G. I trust God implicitly and get almost irritated at the religions who try and fill in all the blanks with information. We don’t have to know everything now, later will do. That doesn’t mean I don’t have my own thoughts about some of the blanks. I don’t present them as fact though. I believe the old concept of heaven is more in tune with what the writer thought would be cool at that time. I just see it as a place that has different laws of physics and no pain. Not really into harps, so hopefully God will keep that in mind.

H. My husband and I do go to church and do support the church financially, minimally. The bulk of our contributions go to five little old women (part of them nuns) who are working with a hundred families just across the Mexican border. They are helping to feed, clothe and teach them to support themselves and I’m sure the trade off is some religion thrown in. I make it a point to never support a religion or charity that spends too much money on either their image or communication by mail, etc. That’s not about taking care of other people. I vote the way I believe. The only real reason I attend the church I do is that I want to share this part of my husband‘s life.

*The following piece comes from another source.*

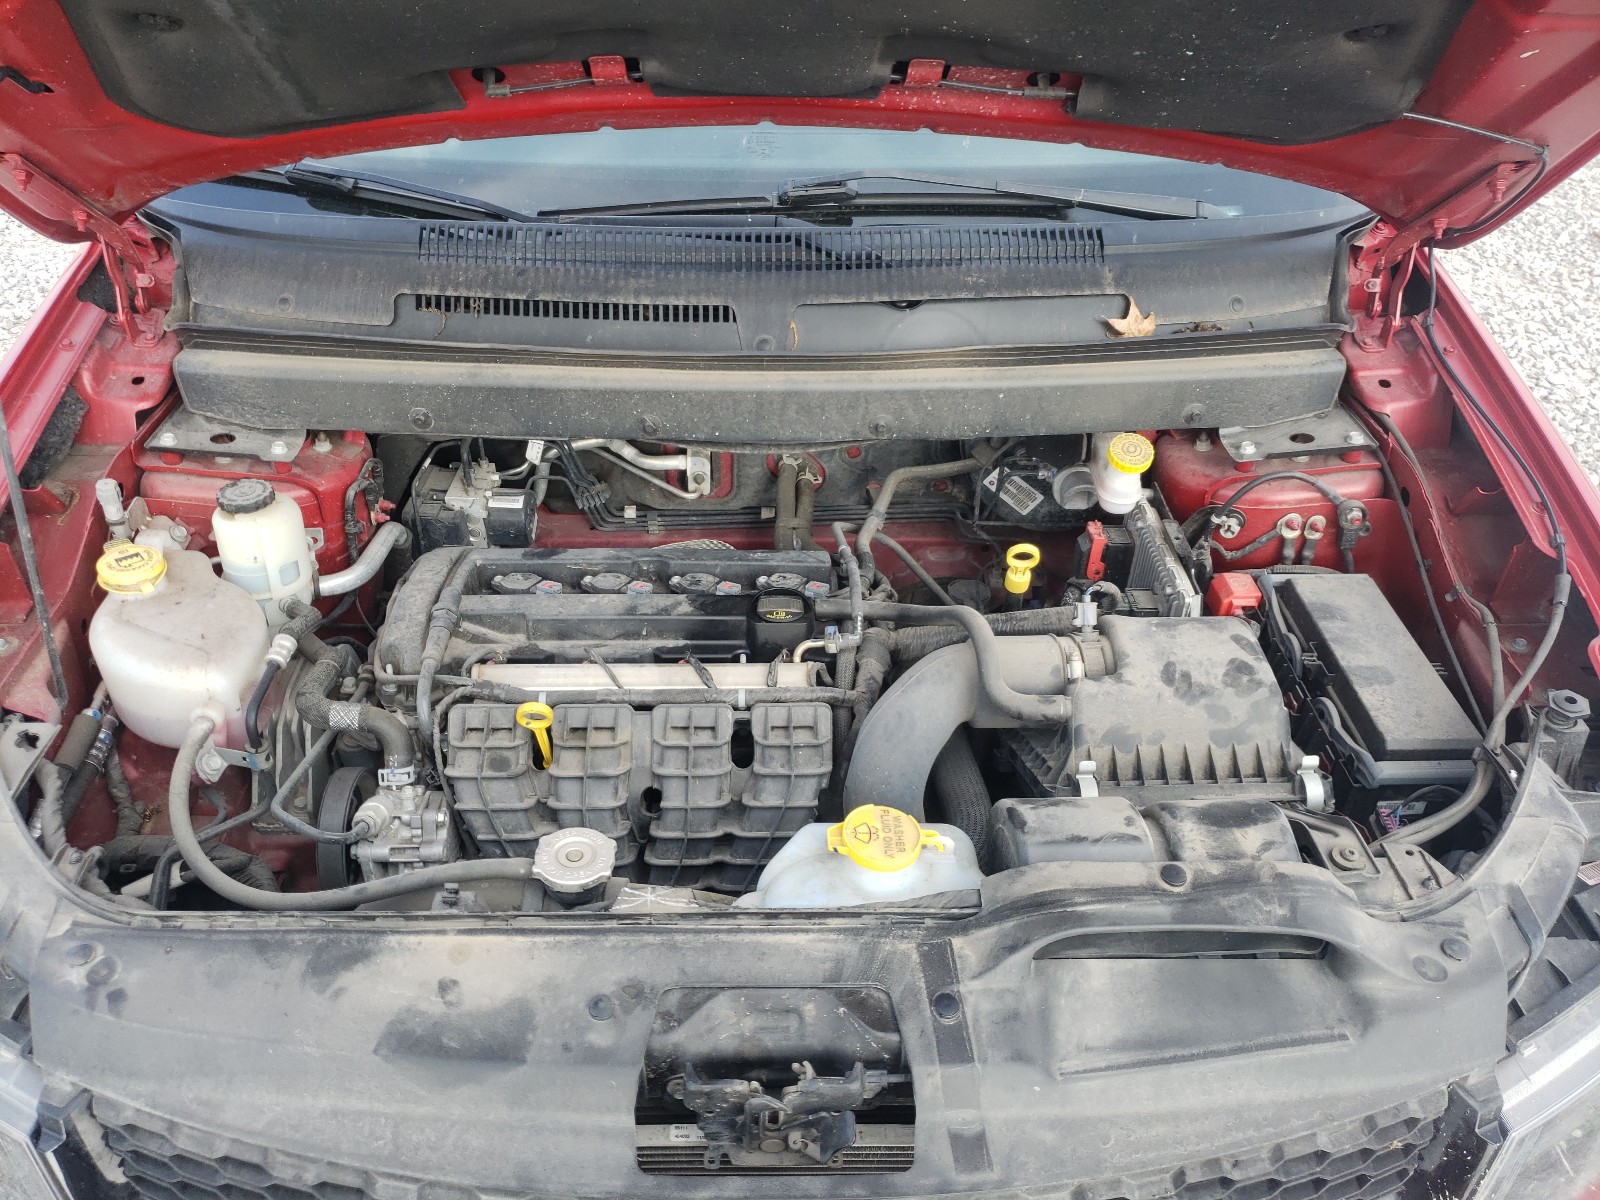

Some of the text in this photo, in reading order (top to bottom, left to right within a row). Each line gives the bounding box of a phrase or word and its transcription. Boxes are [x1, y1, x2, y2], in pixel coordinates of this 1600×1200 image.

[880, 809, 895, 859] FLUID ONLY
[892, 815, 906, 853] WASHER

Doesn’t matter whose roof I’m under, only that what I know is true.

Do I consider myself right and others wrong. On some things I don’t really know, on others positively. If you are claiming to know God and your are not good to people in this world, no matter what their beliefs, you’re gonna get busted. Someone who doesn’t believe in God, but lives a good life definitely gets one of the seats closer to the front.

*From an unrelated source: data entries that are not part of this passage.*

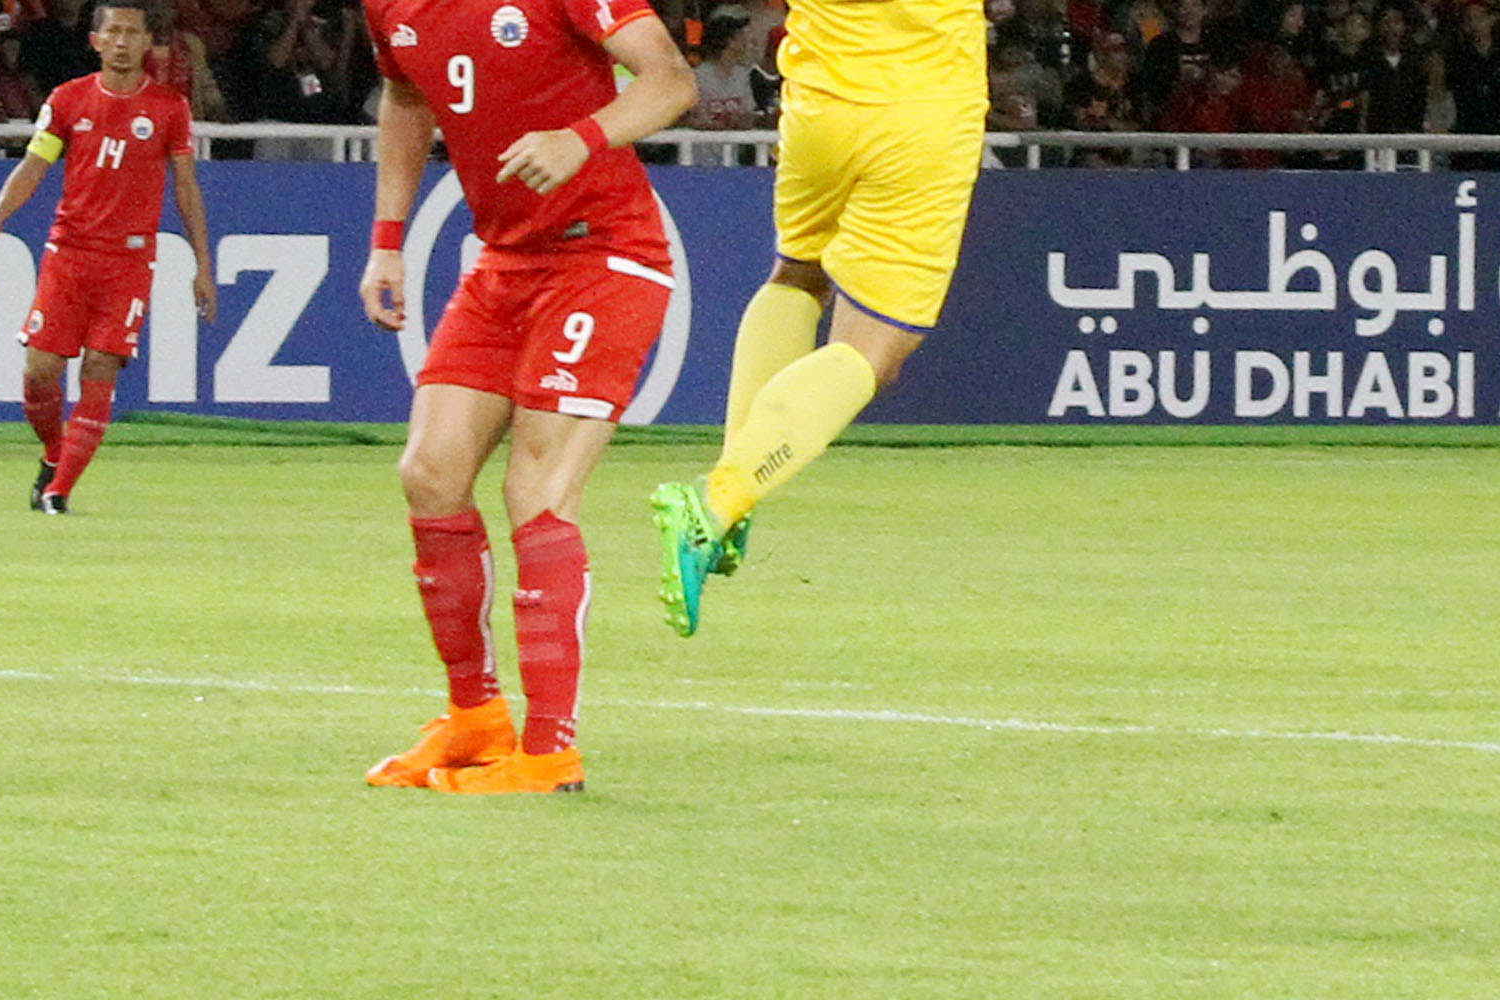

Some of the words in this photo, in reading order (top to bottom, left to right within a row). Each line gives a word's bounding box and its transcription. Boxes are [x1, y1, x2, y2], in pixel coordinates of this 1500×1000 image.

[447, 54, 475, 114] 9
[96, 136, 127, 170] 14
[552, 311, 596, 365] 9
[1047, 350, 1211, 418] ABU
[1234, 350, 1476, 418] DHABI
[752, 442, 793, 485] mitre

I’m tired, I quit. I know I didn’t explain it well, but have never really tried to pull it all together before and left lots out. In summary: Strong belief in God, ability to reason about the Bible and science, believe who you are is what will count, not what you call yourself and we’ll all find out before this century is over.

B]PRICEGUY**

  1. I don’t have a good answer for you, as you know. I can tell you that even with no doubt in God’s existence, most of us who weren’t heavily indoctrinated as children have stepped back and admitted to ourselves that this is not rational, but that doesn’t make it untrue. If 50,000 saw God come down for a quick visit, you would either cry mass hysteria or find a scientific explanation for it. You have to be open to an experience that is beyond your comprehension. Your choice is not to be or it is just impossible for you.

  2. Science should answer this one for you. It has shown us how quickly from day one that spark races to become viable. You should stick to that condom until human life becomes more valuable though.

  3. Because I have been shown more than you have. I have no burden of proof, although I wish I could prove it to you. I do make an amazing claim, but don’t try to force you to believe it. If finding out it was true would turn everything we know upside down, so what. Science is not sacred, it is a process.

When I look around me I do see the fruits and products of science. I am amazed. Science has also added many things to our world which pollute, poison and will eventually destroy it. There’s always good and bad. I just know that what we are and what we can do came from our minds and those were created by God.

VOYAGER, Do you want the answer in his language or yours? I’ll ask, but I’ve never asked for proof before and if I get busted, it’s all on your head.:wink: With proof, would you still have a choice to believe?

THE GREAT UNWASHED, So you tell me how you would explain all that to someone who doesn’t know about electricity, science, etc. You’d have a hard time explaining some of that to me. It’s back to my dictionary for me. The Bible doesn’t prove God anyway. Proof would have to be something you experience, not something you read. The Bible only helps some people become more open to the idea of God. The rest is up to God. I didn’t really read the Bible until after I knew God. A book doesn’t prove electricity. It takes a light or a finger in the light socket for personal “revelation”.

Ever heard of Occam’s Razor?

Not a clue what you’re trying to say here. Would you mind trying to rephrase it?